Комментарий | 0

Поэзия и смерть (7)

 

Валерий Брюсов
 
1
 
Публикация статей из цикла «Эсхатологические “памятники” в русской поэзии» в двух номерах «Литературной учёбы»[1] вызвала определённый резонанс: кто-то готов безоговорочно принять на веру все высказанные мной предположения, кто-то не может согласиться даже с наиболее очевидными из них. В беседах, где я отстаиваю свою точку зрения на различные аспекты танатогенеза в поэтических текстах, мне часто приходится выслушивать следующий вопросительный контраргумент: если способность поэта к пророчеству да и сама по себе возможность что-либо заранее предчувствовать, а не случайно предугадывать, существует, то откуда же берётся множество таких «прорицаний», содержание которых никогда не совпадает с действительностью?

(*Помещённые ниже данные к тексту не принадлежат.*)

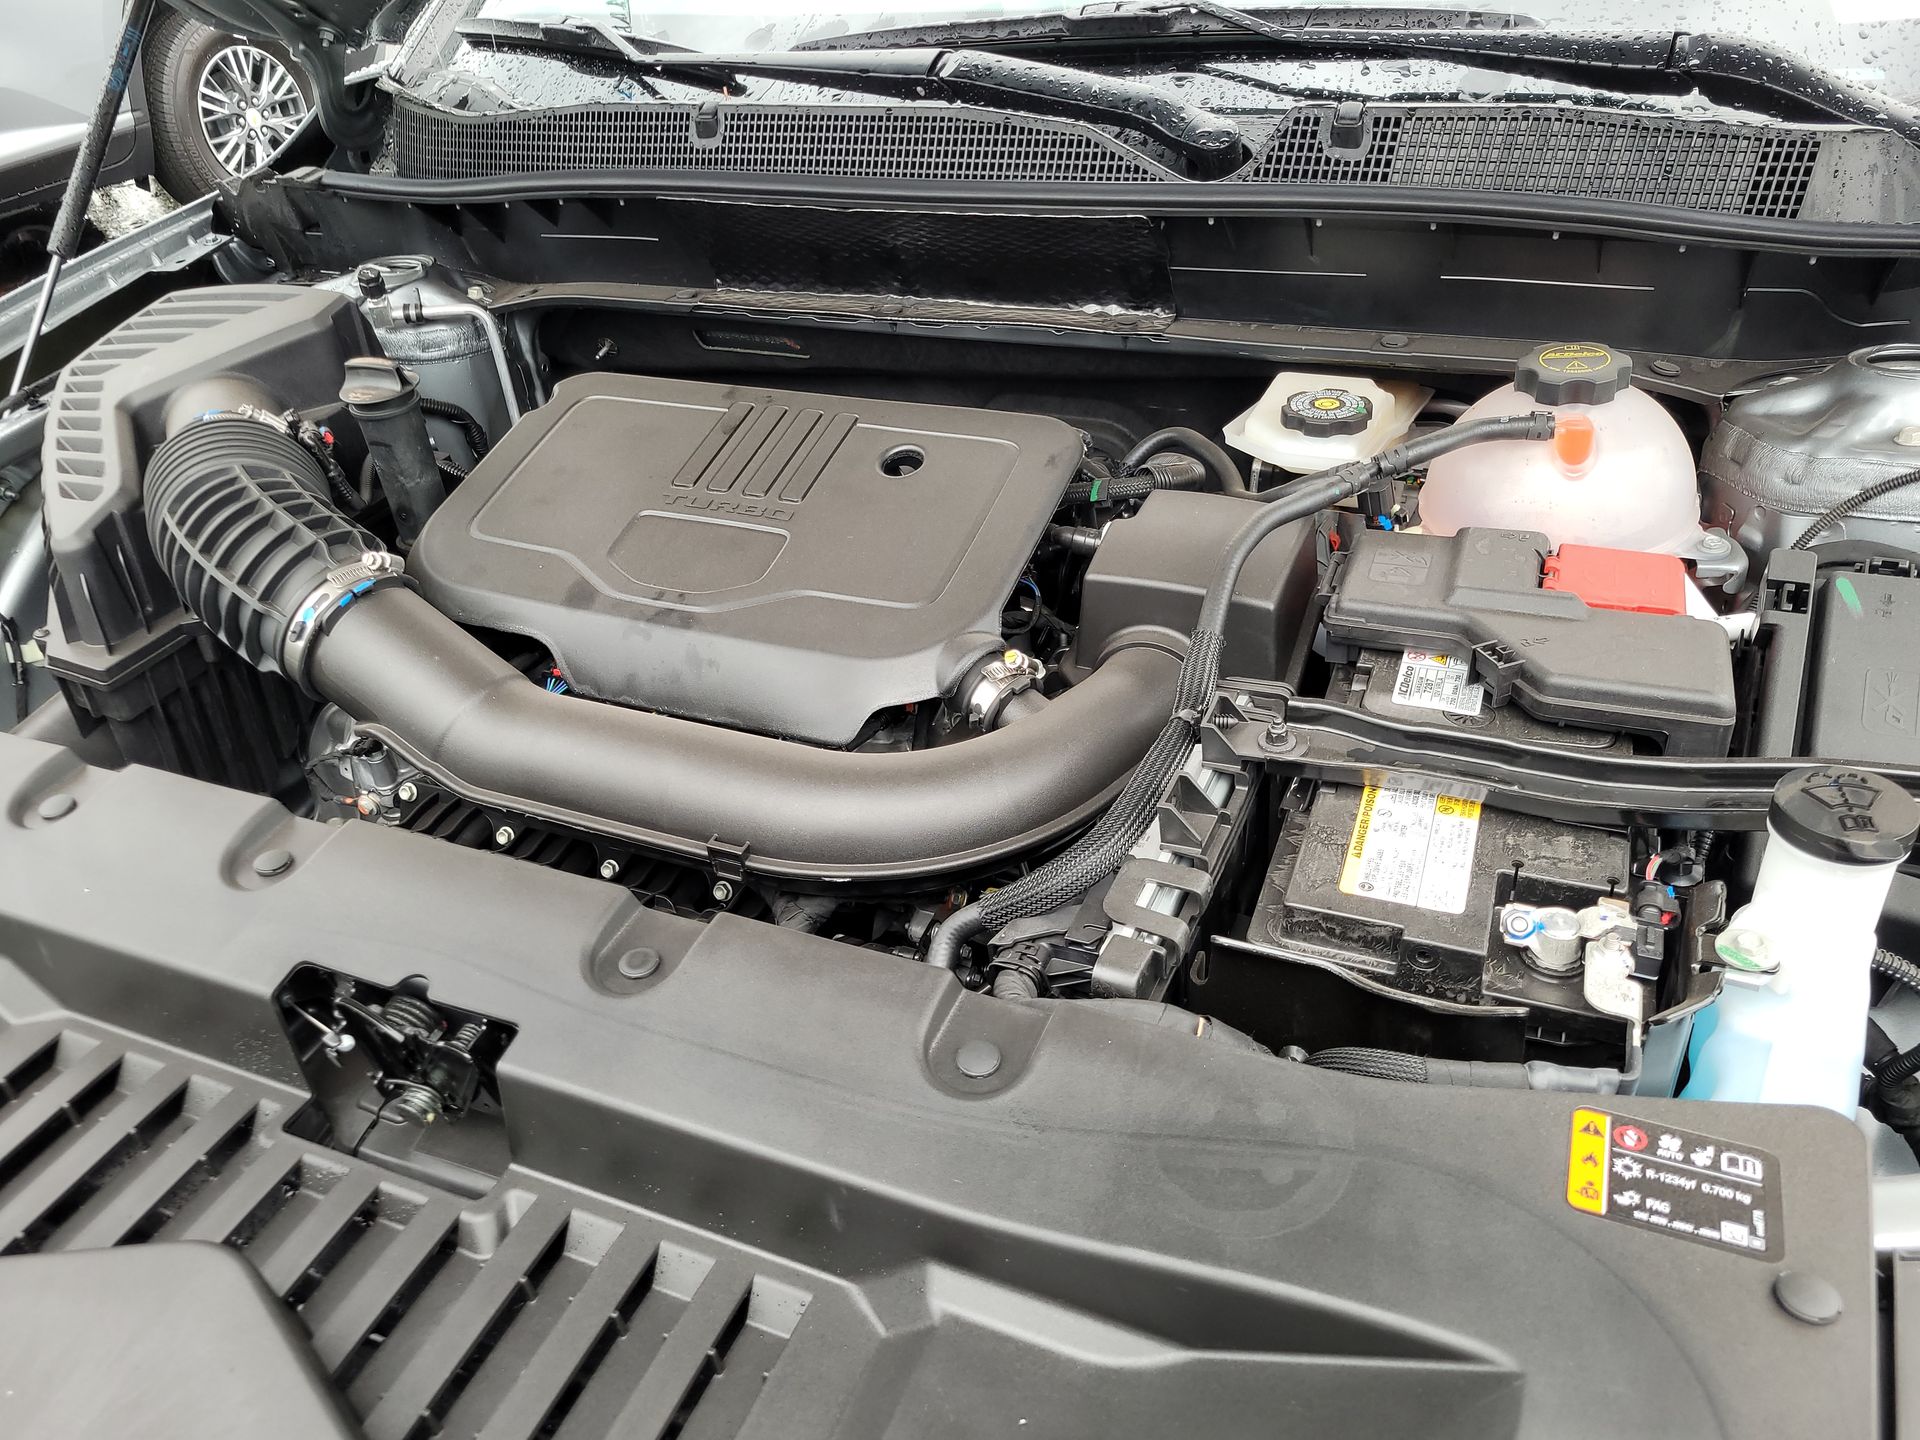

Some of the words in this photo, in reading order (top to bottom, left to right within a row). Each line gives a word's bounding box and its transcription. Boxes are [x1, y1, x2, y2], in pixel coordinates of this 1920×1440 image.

[663, 494, 795, 521] TURBO
[1424, 679, 1434, 694] 7287
[1353, 787, 1378, 854] DANGER/POISON
[1656, 1149, 1684, 1162] AUTO
[1645, 1168, 1697, 1190] R-1234yf
[1701, 1183, 1734, 1200] 0.700
[1735, 1191, 1752, 1205] kg
[1645, 1197, 1672, 1214] PAG

Ответ на этот вопрос не представляется мне трудным. Разумеется, всегда находятся люди, пытающиеся сымитировать то, чем по-настоящему овладеть не в силах. Более того, единичные проявления подлинного профетического дара в поэзии подчас тонут в мусорном океане эрзацлитературы. И что же это доказывает? Ничего. Разве только соответственно умножению лжи повышается ценность немногочисленных свидетельств правды.

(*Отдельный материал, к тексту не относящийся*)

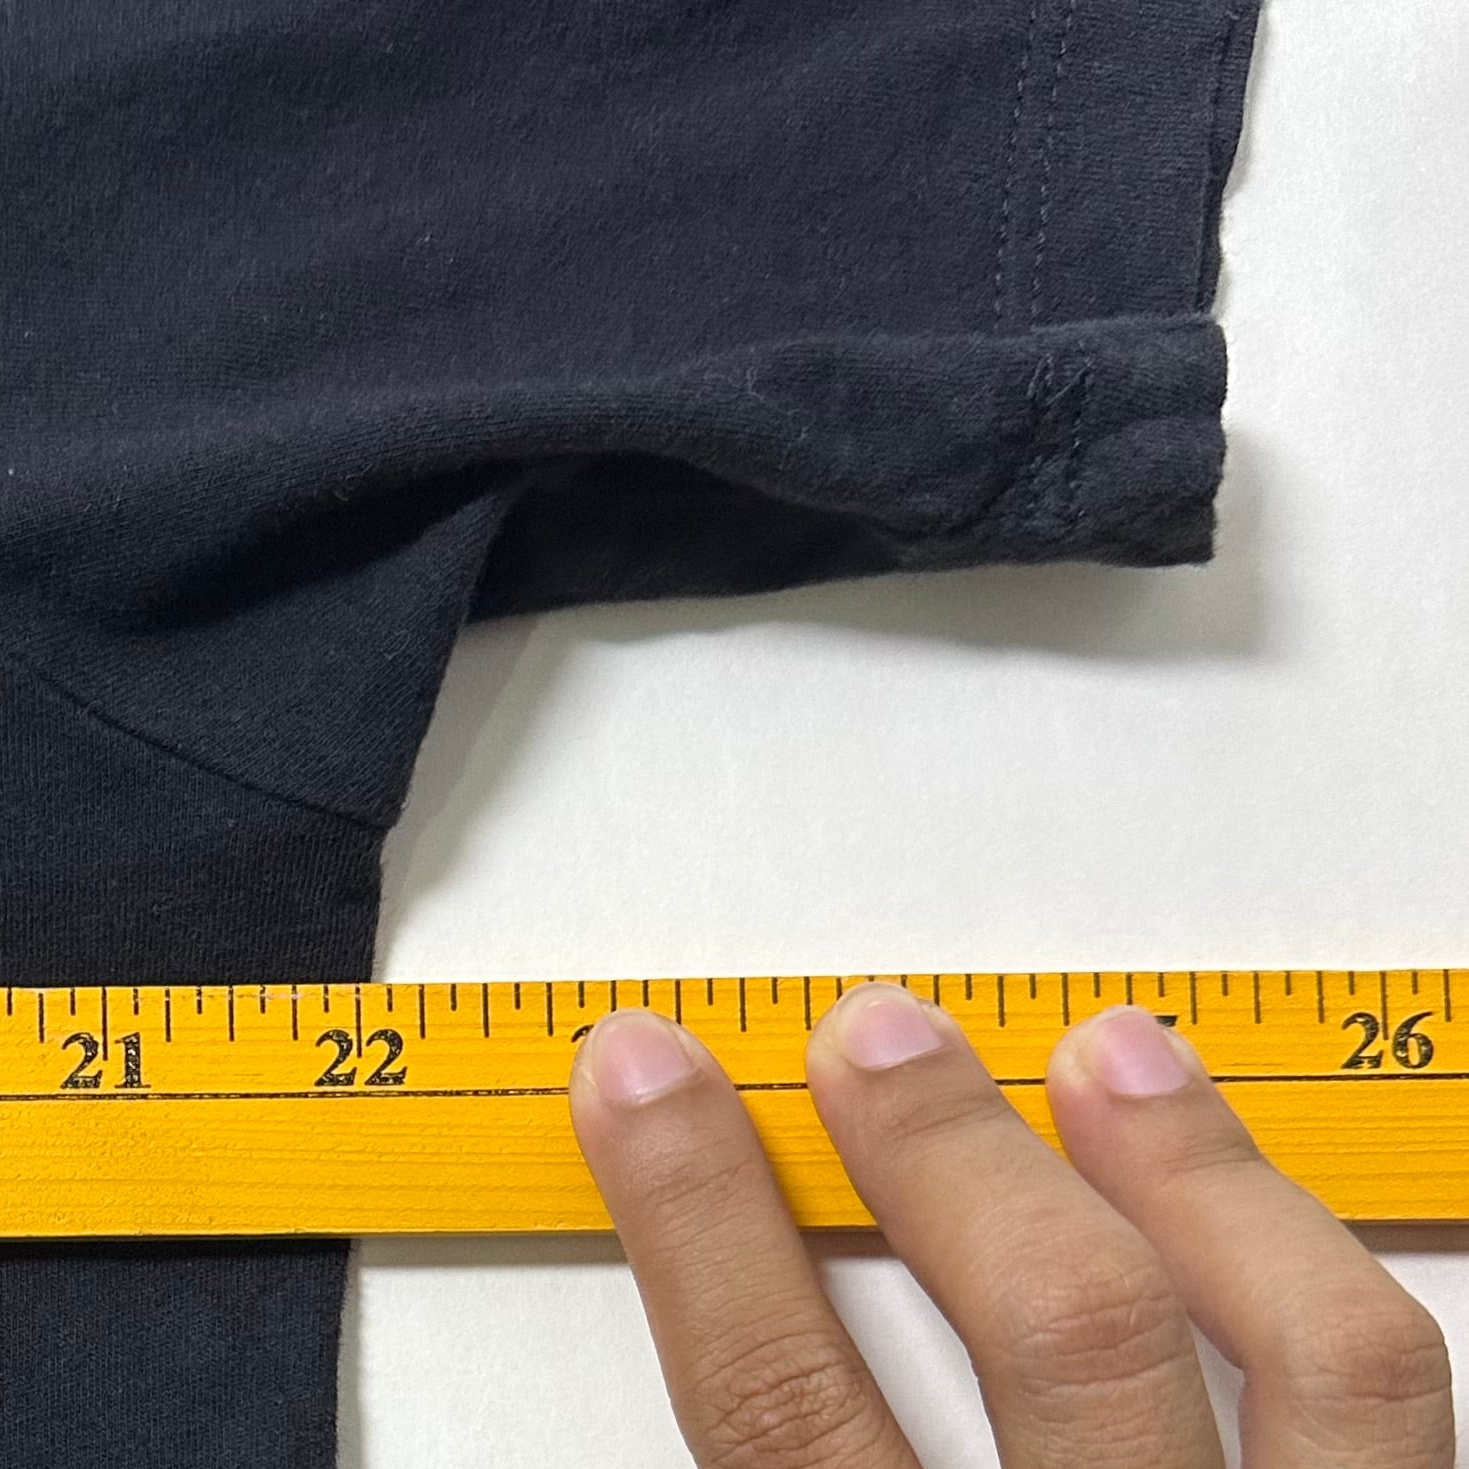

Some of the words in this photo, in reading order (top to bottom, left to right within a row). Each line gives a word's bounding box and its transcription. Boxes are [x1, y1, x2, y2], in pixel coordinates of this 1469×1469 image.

[60, 1032, 151, 1090] 21
[314, 1029, 408, 1087] 22
[1341, 1011, 1435, 1070] 26

Теперь я уделю место имитатору. Пусть и он послужит нам в деле отделения «зёрен от плевел», настоящего пророчества от его бестолковой подделки. Речь пойдёт об одном русском стихослагателе времён Серебряного века, предсказавшем себе, ни больше, ни меньше, всемирную и многовековую  славу. Всё располагало к тому (так ему казалось). Шумный и скандальный успех у современников способствовал его быстрой литературной карьере. В короткий срок, благодаря особенностям характера, наименее свойственным всецело творческим натурам, этот человек добился высокого и прочного положения в художественной иерархии своего времени, откуда у него появилась возможность серьёзно влиять на умы и судьбы подлинных творцов, с талантом которых в иных условиях его собственный не шёл бы ни в какое сравнение. Это был тип ловкого дельца, вознамерившегося во чтобы то ни стало сколотить себе состояние там, где законы рынка не действуют по определению.

 

2

 В русской литературе, богатой примерами не только гениальной прозорливости, но и ослеплённой иллюзией собственного значения посредственности, фигура Валерия Брюсова занимает особое место. Кажется, прежде ещё никогда столь слабое художественное дарование, к тому же отягчённое грузом нравственного сора, не подымалось в чужом мнении на такую высоту, где бы за ним искренне признавались качества, совершенно ему не свойственные. Брюсовской рифмованной софистикой в своё время были обмануты многие. Тончайший поэт и мистик Александр Блок после прочтения книги «Зеркало теней» (1912) писал в стихотворении «Валерию Брюсову»:

 И вновь, и вновь твой дух таинственный
В глухой ночи, в ночи пустой
Велит к твоей мечте единственной
Прильнуть и пить напиток твой.
 
Вновь причастись души неистовой,
И яд, и боль, и сладость пей,
И тихо книгу перелистывай,
Впиваясь в зеркало теней…
 
 Непостижимо, как от исключительно начитанного и проницательного Блока могли укрыться среди лживого пафоса хотя бы вот эти строки:
 
Я изменял и многому, и многим,
Я покидал в час битвы знамена,
Но день за днём веленьям строгим
Душа была верна.
 

Так начинается  стихотворение «Поэт — музе». Просвещённый читатель тут же припомнит совсем другого автора.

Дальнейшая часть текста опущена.